Heliyon (Nov 2024)
Machine learning based clinical prediction model for 1-year mortality in Sepsis patients with atrial fibrillation
Abstract
Abstract:: Background: Atrial fibrillation (AF) emerges as a pivotal risk determinant for unfavorable outcomes in septic patients. Despite its recognized role, the enduring impact of AF on sepsis prognosis remains ambiguous. This investigation seeks to elucidate the connection between AF and both short and long-term outcomes in sepsis patients. Additionally, it aims to formulate a prognostic model for 1-year mortality utilizing pertinent clinical variables. Methods: A retrospective analysis encompassed sepsis patients admitted to Beth Israel Deacon Medical Center's intensive care unit. The evaluation encompassed the prevalence of AF and its influence on hospitalization duration, stays in the Intensive Care Unit (ICU), and mortality rates at distinct intervals. Propensity score matching was implemented to mitigate confounding factors. Machine learning techniques, including the Least Absolute Selection and Shrinkage Operator (LASSO) regression and random forest, were deployed for model development. Results: AF exhibited a correlation with heightened mortality rates at 7 days, 28 days, and 1 year. The resultant predictive model demonstrated superior efficacy compared to prevailing clinical critical illness scores in forecasting mortality risk.
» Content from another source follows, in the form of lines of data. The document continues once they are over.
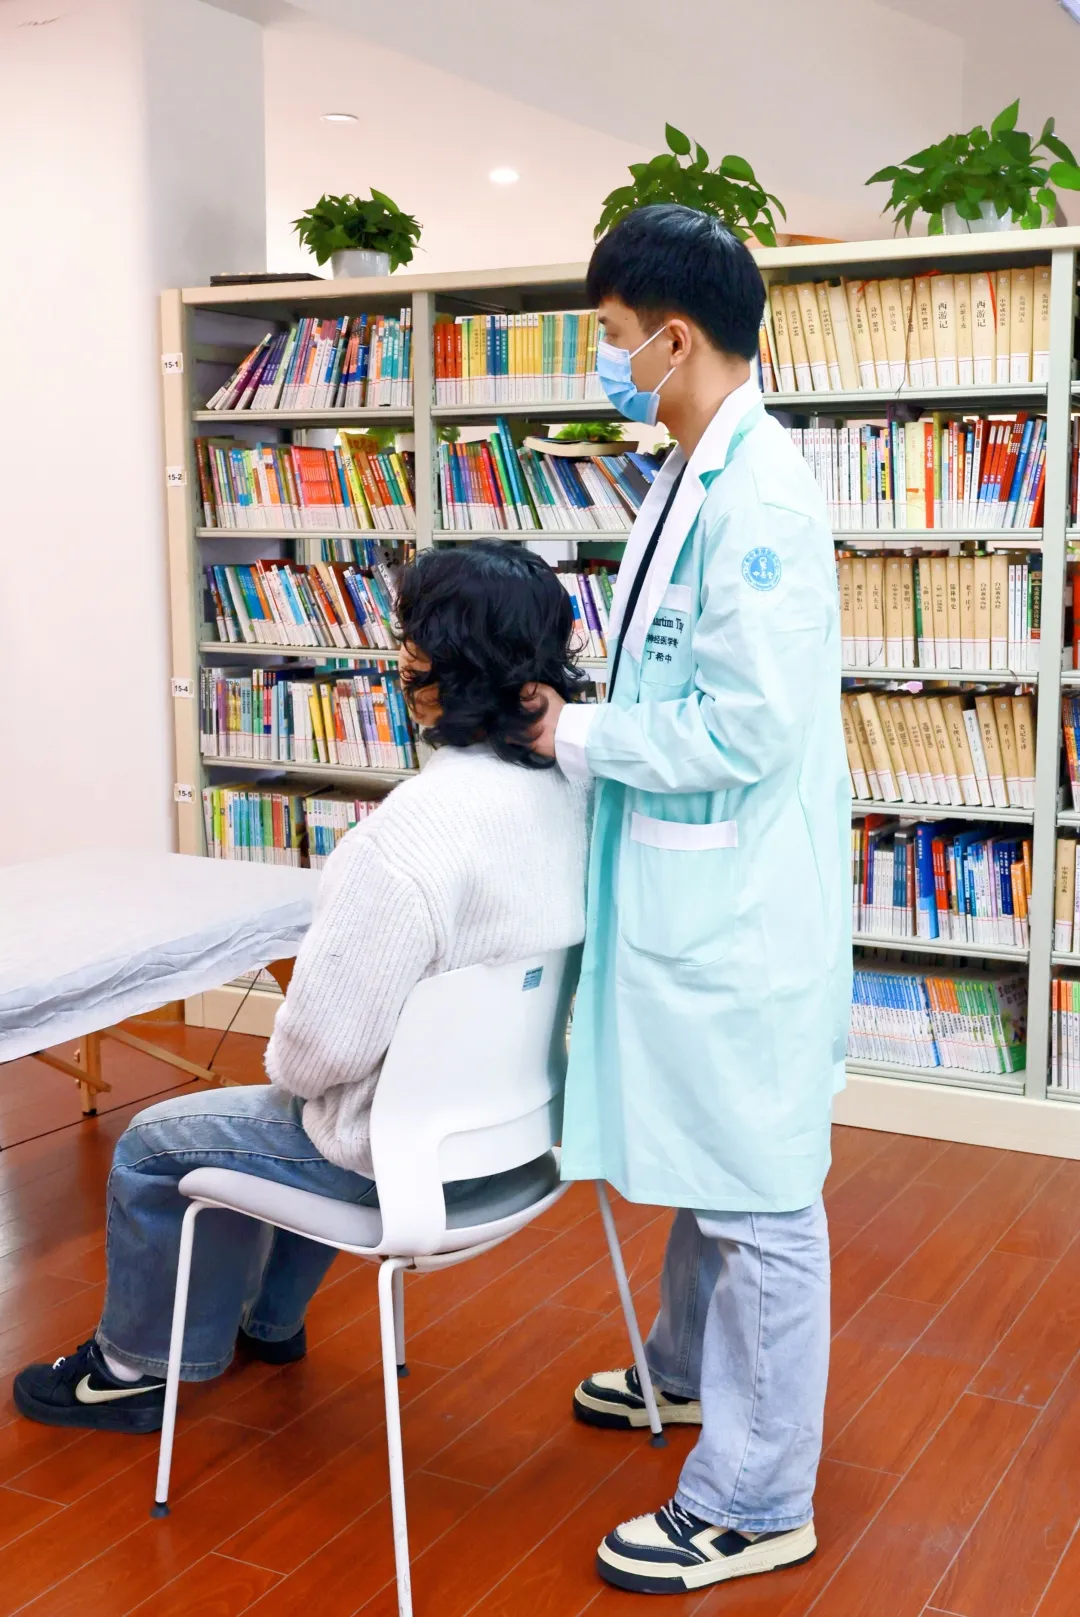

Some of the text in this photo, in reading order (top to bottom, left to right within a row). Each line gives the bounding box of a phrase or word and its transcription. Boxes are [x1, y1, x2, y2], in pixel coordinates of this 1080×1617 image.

[937, 301, 949, 329] 西游记
[976, 299, 987, 328] 西游记
[164, 361, 179, 369] 15-1
[167, 473, 182, 481] 15-2
[178, 789, 192, 798] 15-5
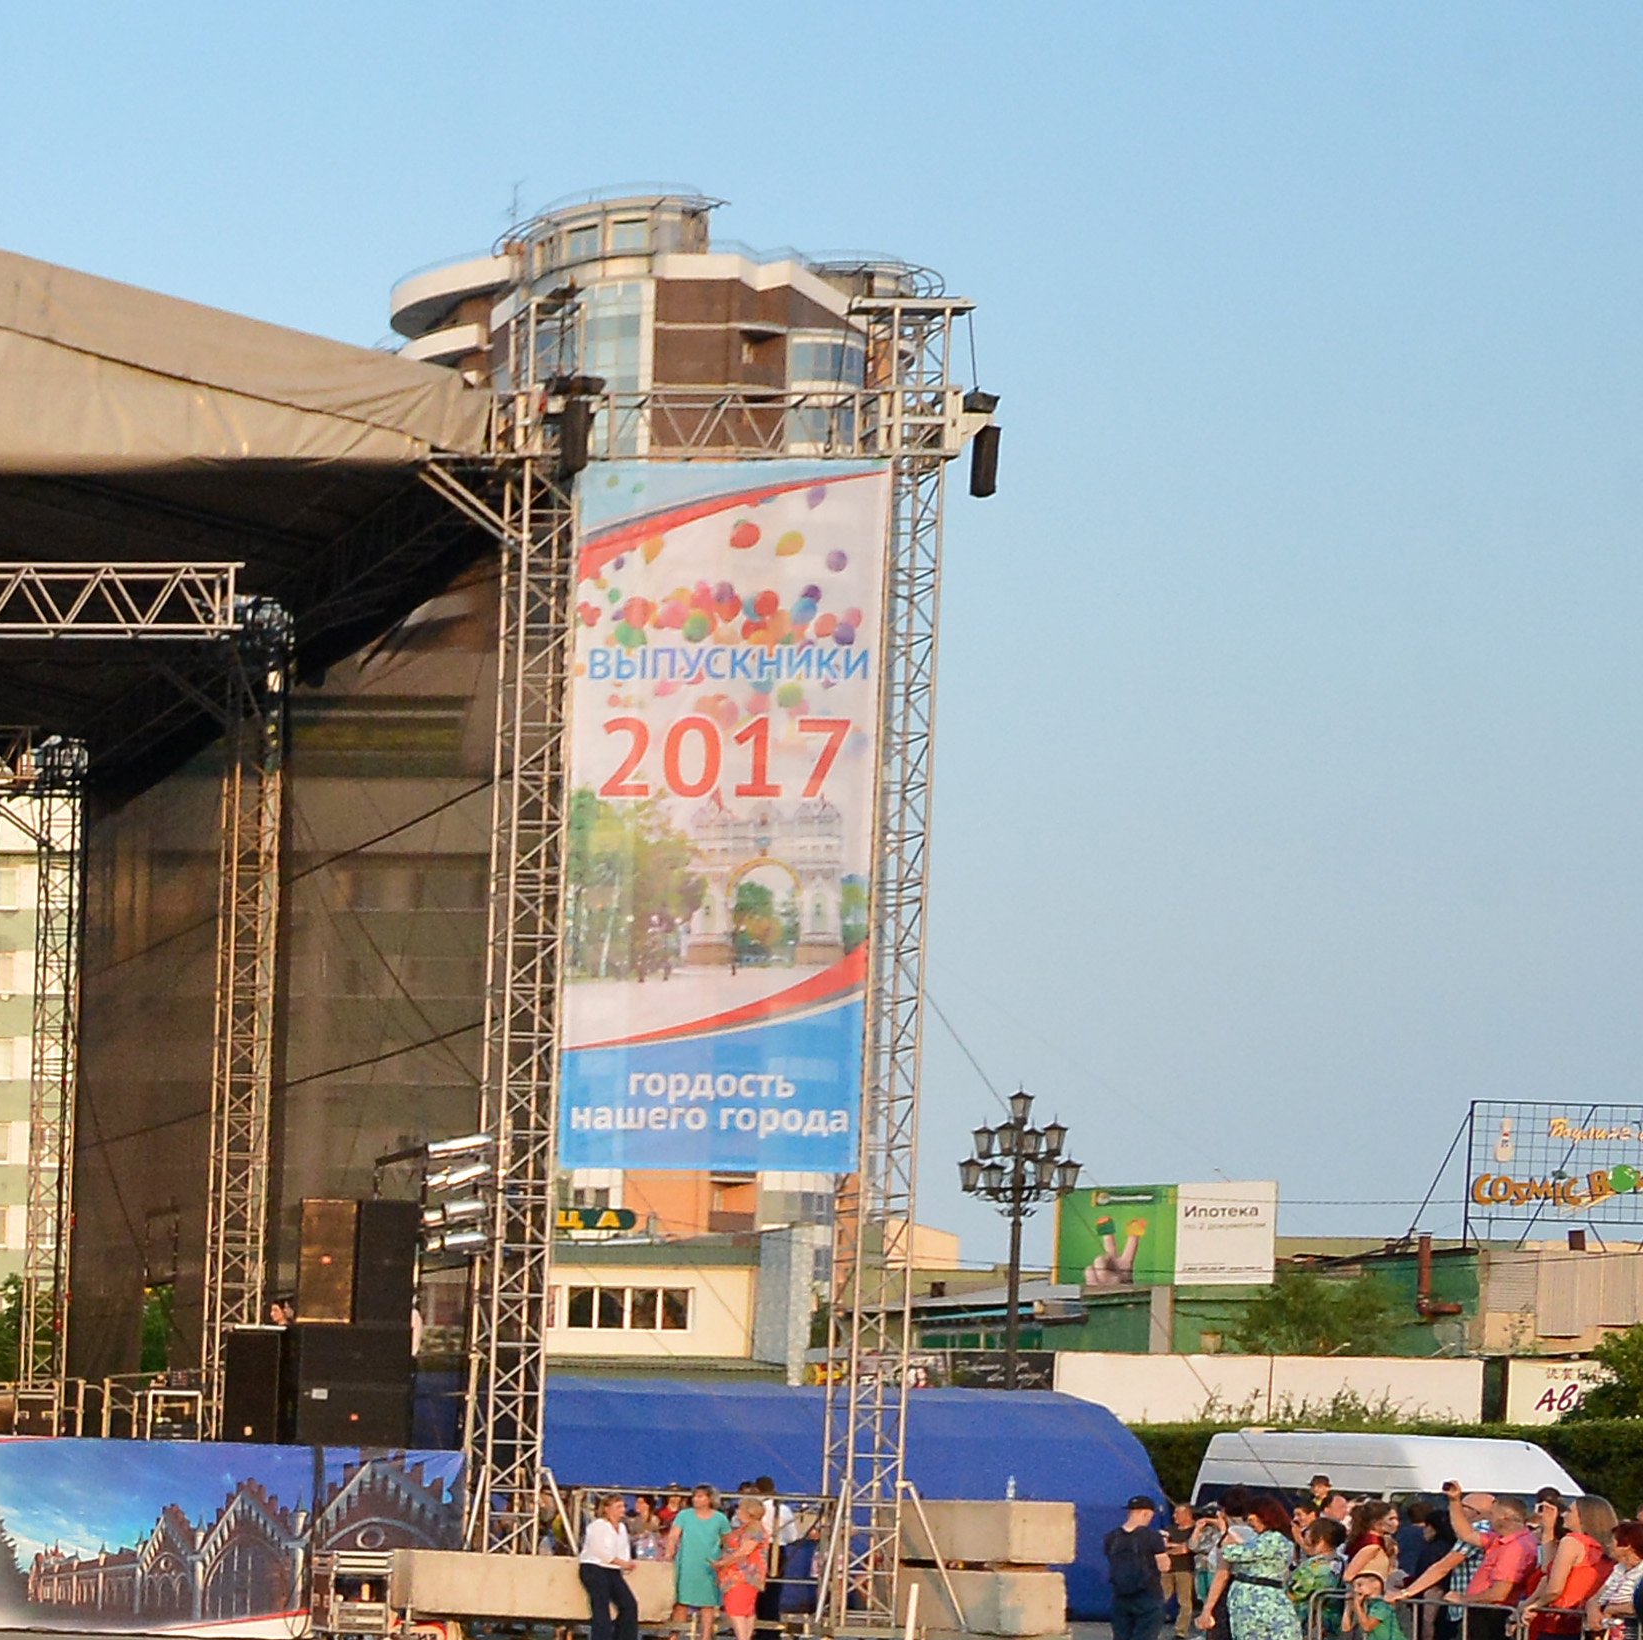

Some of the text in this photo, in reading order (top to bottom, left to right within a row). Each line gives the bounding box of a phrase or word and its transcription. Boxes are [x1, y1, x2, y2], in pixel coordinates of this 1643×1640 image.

[587, 647, 870, 680] ВЫПУСКНИКИ
[598, 715, 852, 798] 2017
[628, 1071, 796, 1104] гордость
[570, 1106, 850, 1139] нашего города
[1472, 1171, 1582, 1207] COSMIC
[1184, 1205, 1259, 1218] Ипотека
Crucial predictors in the model included variables such as RDW, weight, age, BUN, lactate, temperature, MCHC, MBP, ALP, and hemoglobin. Conclusions: AF emerges as a substantial peril for adverse outcomes in sepsis patients. The risk model, encompassing pertinent clinical variables, outperformed existing clinical critical illness scores in mortality prediction. This model furnishes valuable insights for risk stratification, augmenting prognostic precision in sepsis patients with concomitant AF.